> PROMPT:
Return the full listing word for word, but drop every picture from it.
Segment Start: PROVIDED MATERIAL
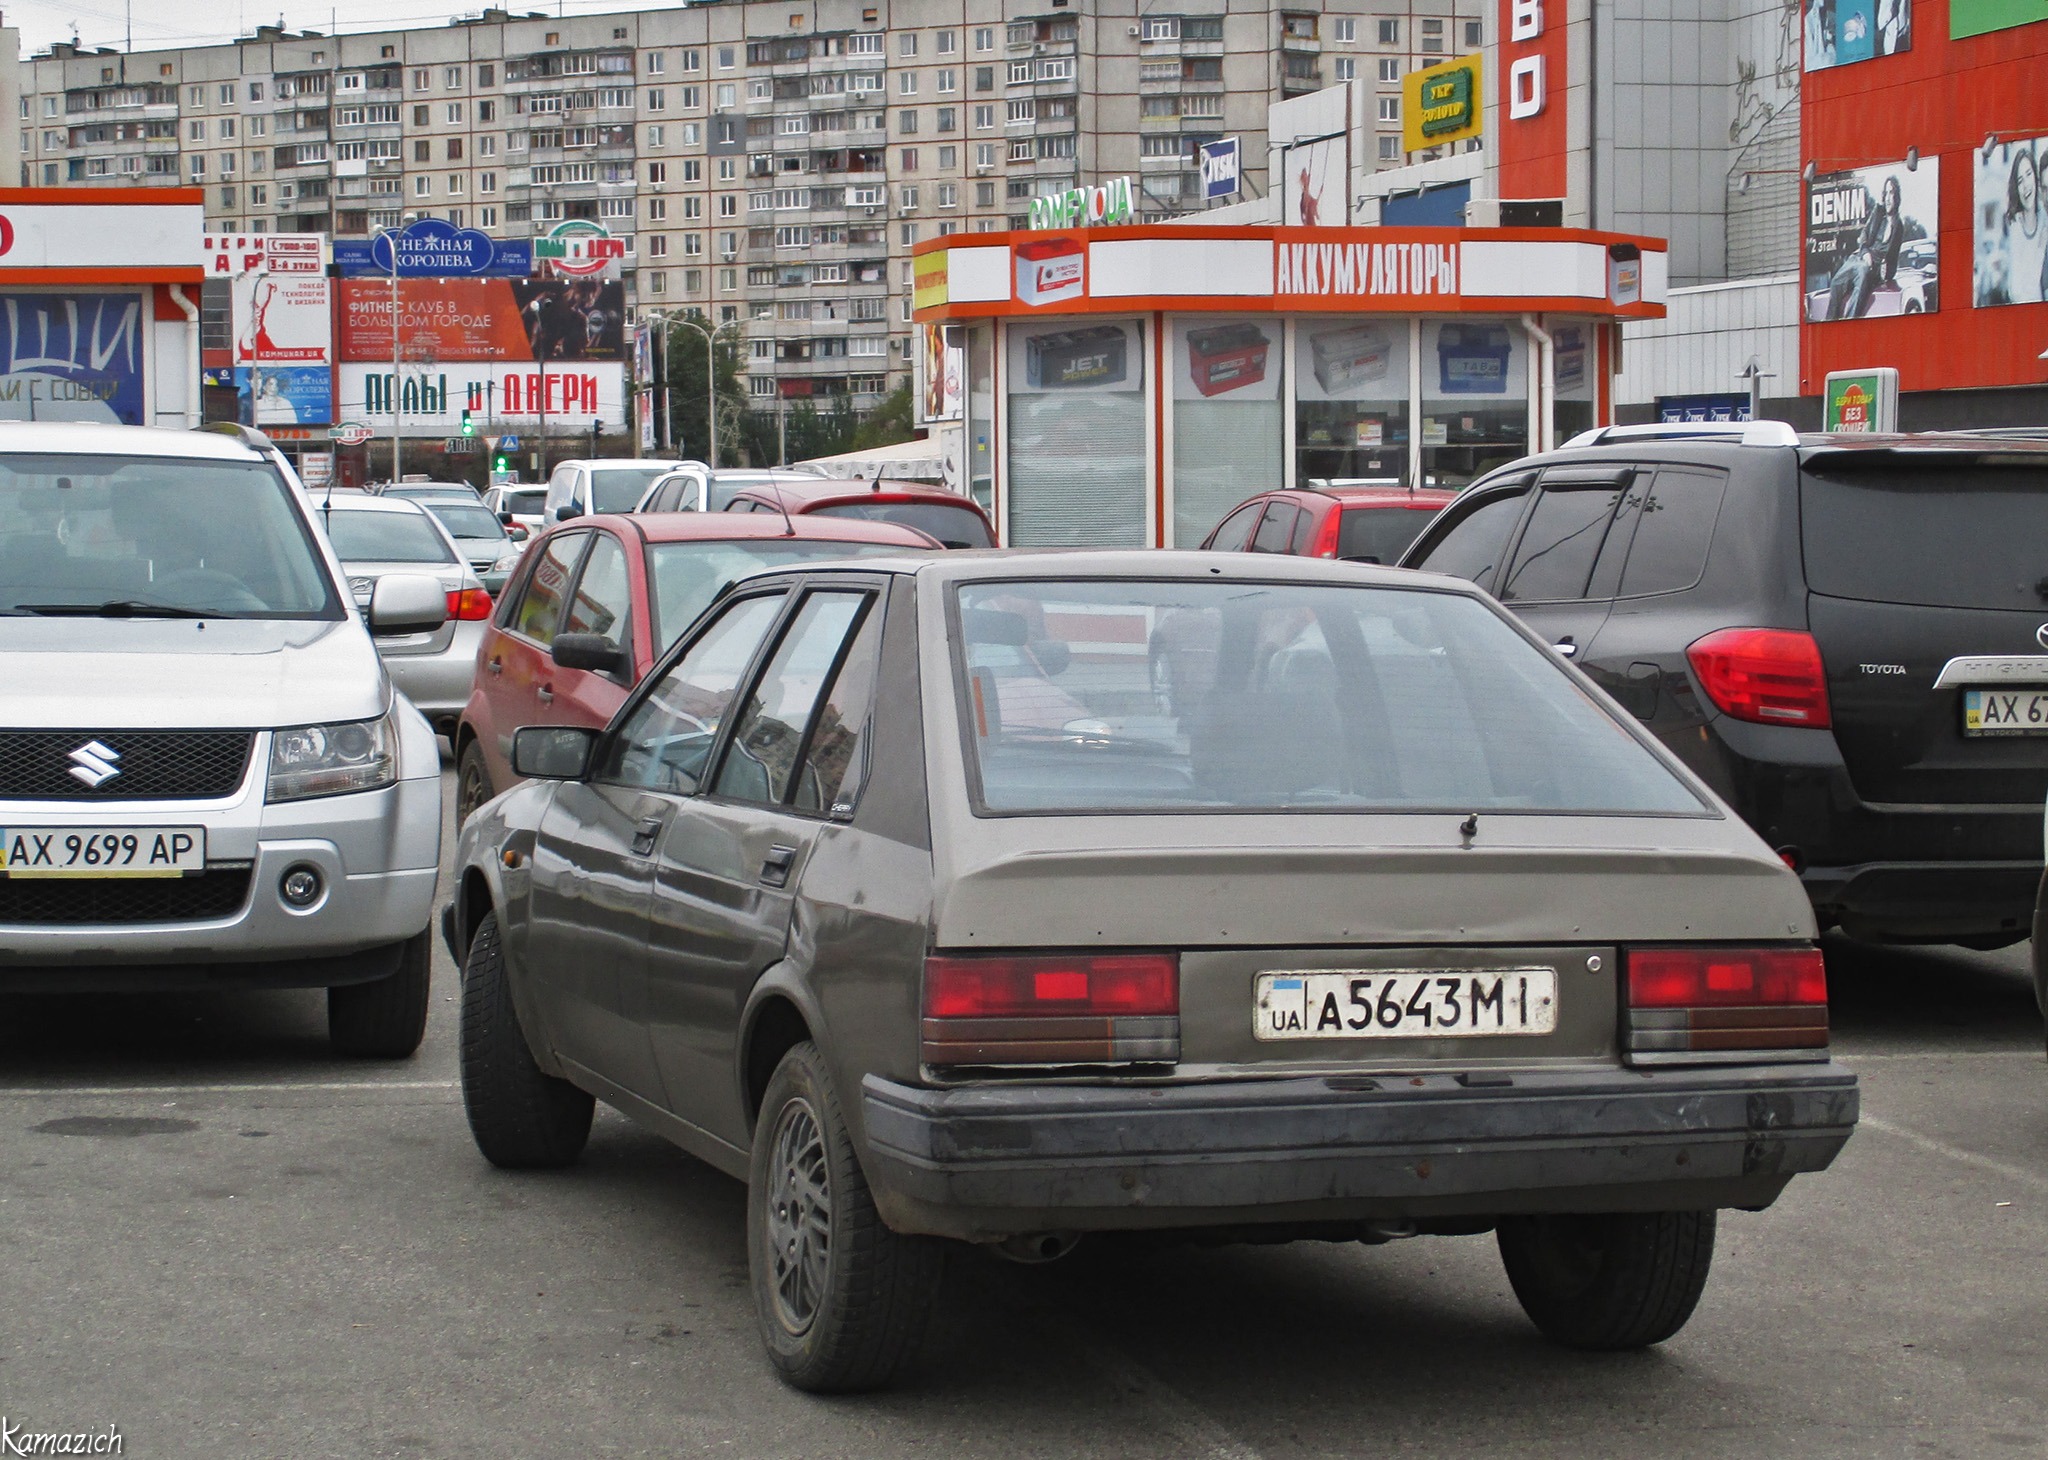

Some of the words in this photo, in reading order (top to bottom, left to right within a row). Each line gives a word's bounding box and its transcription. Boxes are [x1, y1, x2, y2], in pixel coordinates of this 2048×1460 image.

[1811, 188, 1866, 225] DENIM
[397, 232, 473, 251] НЕЖНАЯ
[1277, 243, 1457, 296] АККУМУЛЯТОРЫ
[349, 301, 404, 313] ФИТНЕС
[408, 301, 444, 313] КЛУБ
[448, 301, 457, 313] В
[349, 314, 429, 327] БОЛЬШОМ
[433, 314, 492, 327] ГОРОДЕ
[1063, 354, 1108, 373] JET
[365, 373, 447, 415] ПОЛЫ
[500, 373, 598, 415] ДВЕРИ
[1845, 407, 1862, 421] БЕЗ
[1859, 664, 1906, 675] TOYOTA
[1968, 716, 1980, 724] UA
[1984, 696, 2019, 723] AX
[9, 834, 53, 865] AX
[65, 834, 138, 865] 9699
[149, 833, 193, 864] AP
[1272, 1010, 1301, 1031] UA
Segment End: PROVIDED MATERIAL
> RESPONSE TO THE EXERCISE:
Some of the words in this photo, in reading order (top to bottom, left to right within a row). Each line gives a word's bounding box and its transcription. Boxes are [x1, y1, x2, y2], in pixel coordinates of this 2048×1460 image.

[1811, 188, 1866, 225] DENIM
[397, 232, 473, 251] НЕЖНАЯ
[1277, 243, 1457, 296] АККУМУЛЯТОРЫ
[349, 301, 404, 313] ФИТНЕС
[408, 301, 444, 313] КЛУБ
[448, 301, 457, 313] В
[349, 314, 429, 327] БОЛЬШОМ
[433, 314, 492, 327] ГОРОДЕ
[1063, 354, 1108, 373] JET
[365, 373, 447, 415] ПОЛЫ
[500, 373, 598, 415] ДВЕРИ
[1845, 407, 1862, 421] БЕЗ
[1859, 664, 1906, 675] TOYOTA
[1968, 716, 1980, 724] UA
[1984, 696, 2019, 723] AX
[9, 834, 53, 865] AX
[65, 834, 138, 865] 9699
[149, 833, 193, 864] AP
[1272, 1010, 1301, 1031] UA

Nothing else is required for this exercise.